The benefits of S1PR modulators like siponimod are largely attributed to anti-inflammatory activity, including limiting the expression of pro-inflammatory Th17 cells (Raveney et al. ECTRIMS 2022; EP0939). However, several studies at ECTRIMS highlighted that these agents may also have a range of effects within the CNS.

Siponimod was shown to reduce the expression of pro-inflammatory markers in microglia in an animal model (Heitmann et al. ECTRIMS 2022; P132). A separate animal study demonstrated that siponimod downregulated MHC class II expression in microglia; this may indicate a reduced microglial response to pro-inflammatory CD4+ T cells (Husseini et al. ECTRIMS 2022; P318). A third animal study reported that siponimod exerted direct effects on oligodendrocytes that resulted in a reduction in demyelination and axonal injury; this protective effect was shown to be independent of the drug’s effects on T and B cells and appeared to be S1P5-dependent (Kipp et al. ECTRIMS 2022; P317; published as Behrangi et al. Proc Natl Acad Sci USA 2022;119:e2204509119).

The clinical impact of these potential CNS effects was reported in a recent analysis from the EXPAND trial (Arnold et al. Mult Scler 2022;28:1526-1540). The study found that siponimod reduced whole-brain and grey-matter atrophy at 1 and 2 years. The mean relative reduction in whole-brain atrophy with siponimod versus placebo was 49% at year 1 (-0.23 vs. -0.45), and 31% at year 2 (-0.62 vs. -0.92). Relative reduction in cortical GM volume loss with siponimod versus placebo was 102% at 1 year (+0.01 vs. -0.60), and 63% at 2 years (-0.39 vs. -1.04). There were also significant reductions in thalamic volume loss at both time points (50% year 1, 42% at year 2).

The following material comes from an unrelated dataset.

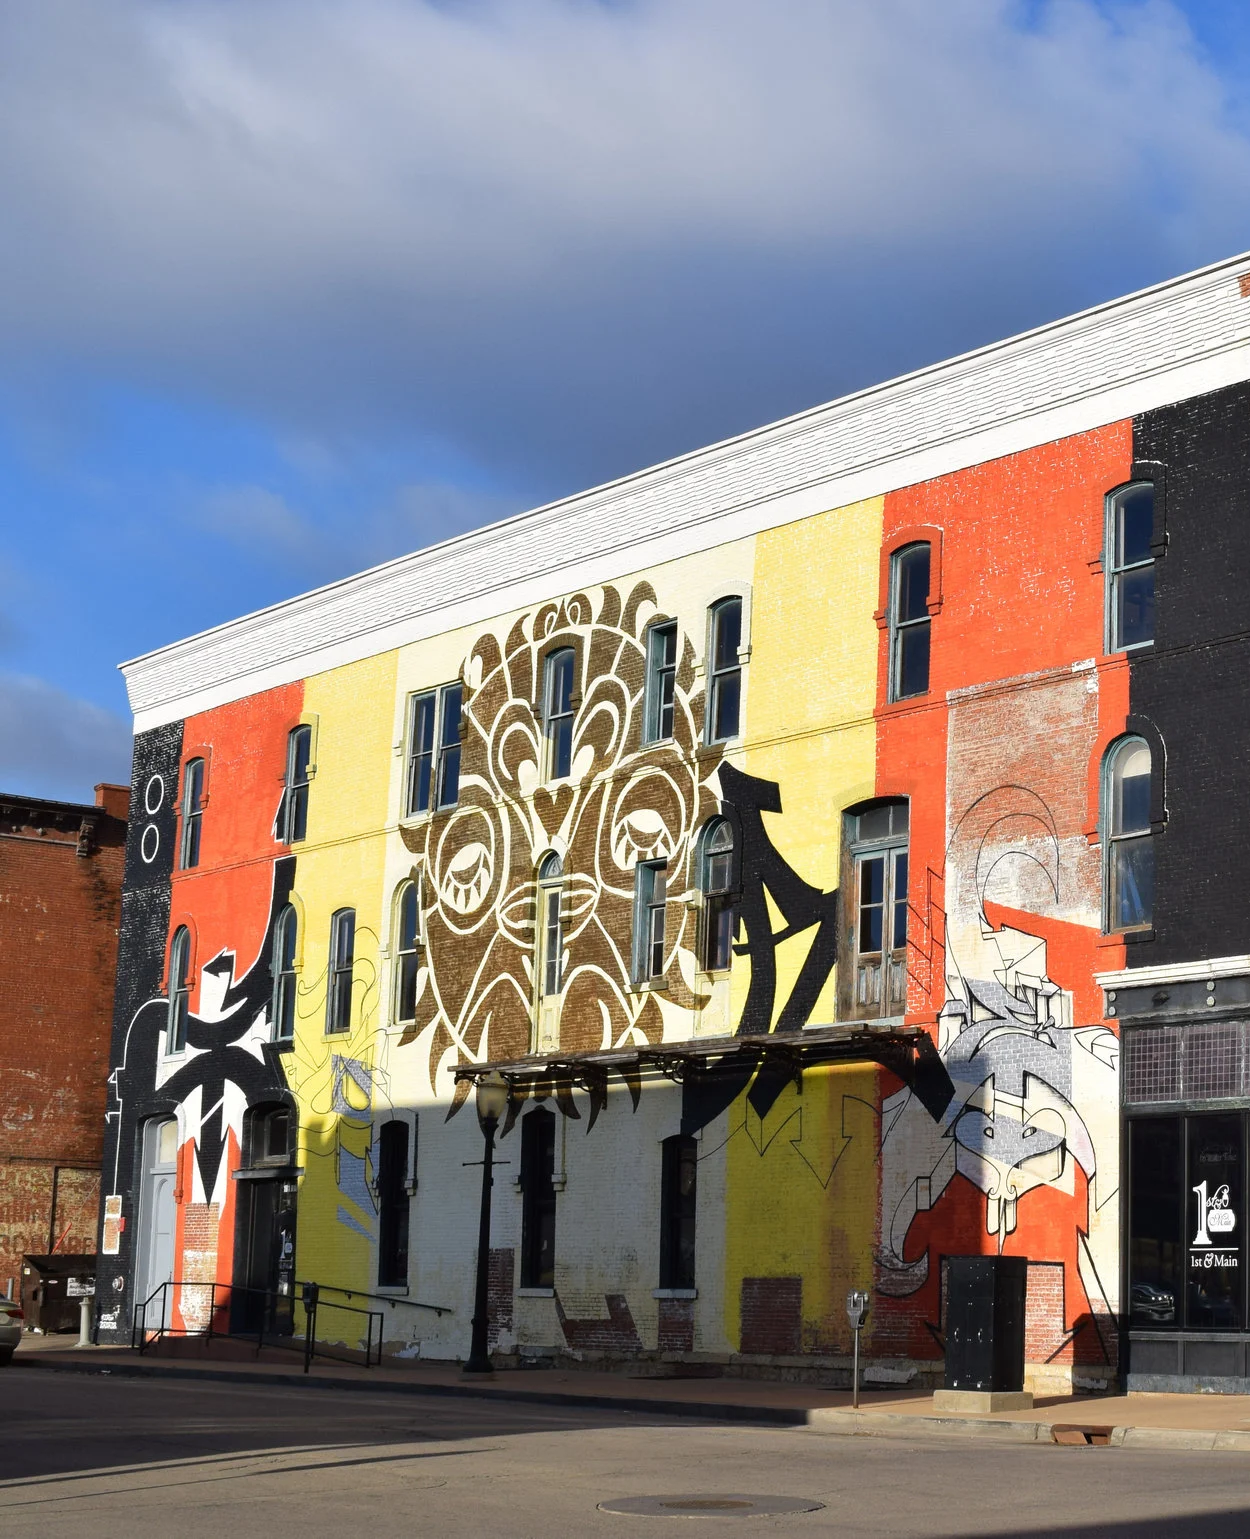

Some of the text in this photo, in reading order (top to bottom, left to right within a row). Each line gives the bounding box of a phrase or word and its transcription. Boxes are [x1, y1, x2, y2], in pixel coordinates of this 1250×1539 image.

Moreover, siponimod improved brain tissue integrity and remyelination as shown by increases in magnetization transfer imaging (MTR); MTR was higher than baseline values at 2 years with siponimod versus placebo in normal-appearing brain tissue (+0.001 vs. -0.055), cortical GM (+0.008 vs. -0.046) and normal-appearing white matter (+0.010 vs. -0.056). The authors concluded that these findings are compatible with a direct effect of siponimod on neurodegenerative processes in the CNS.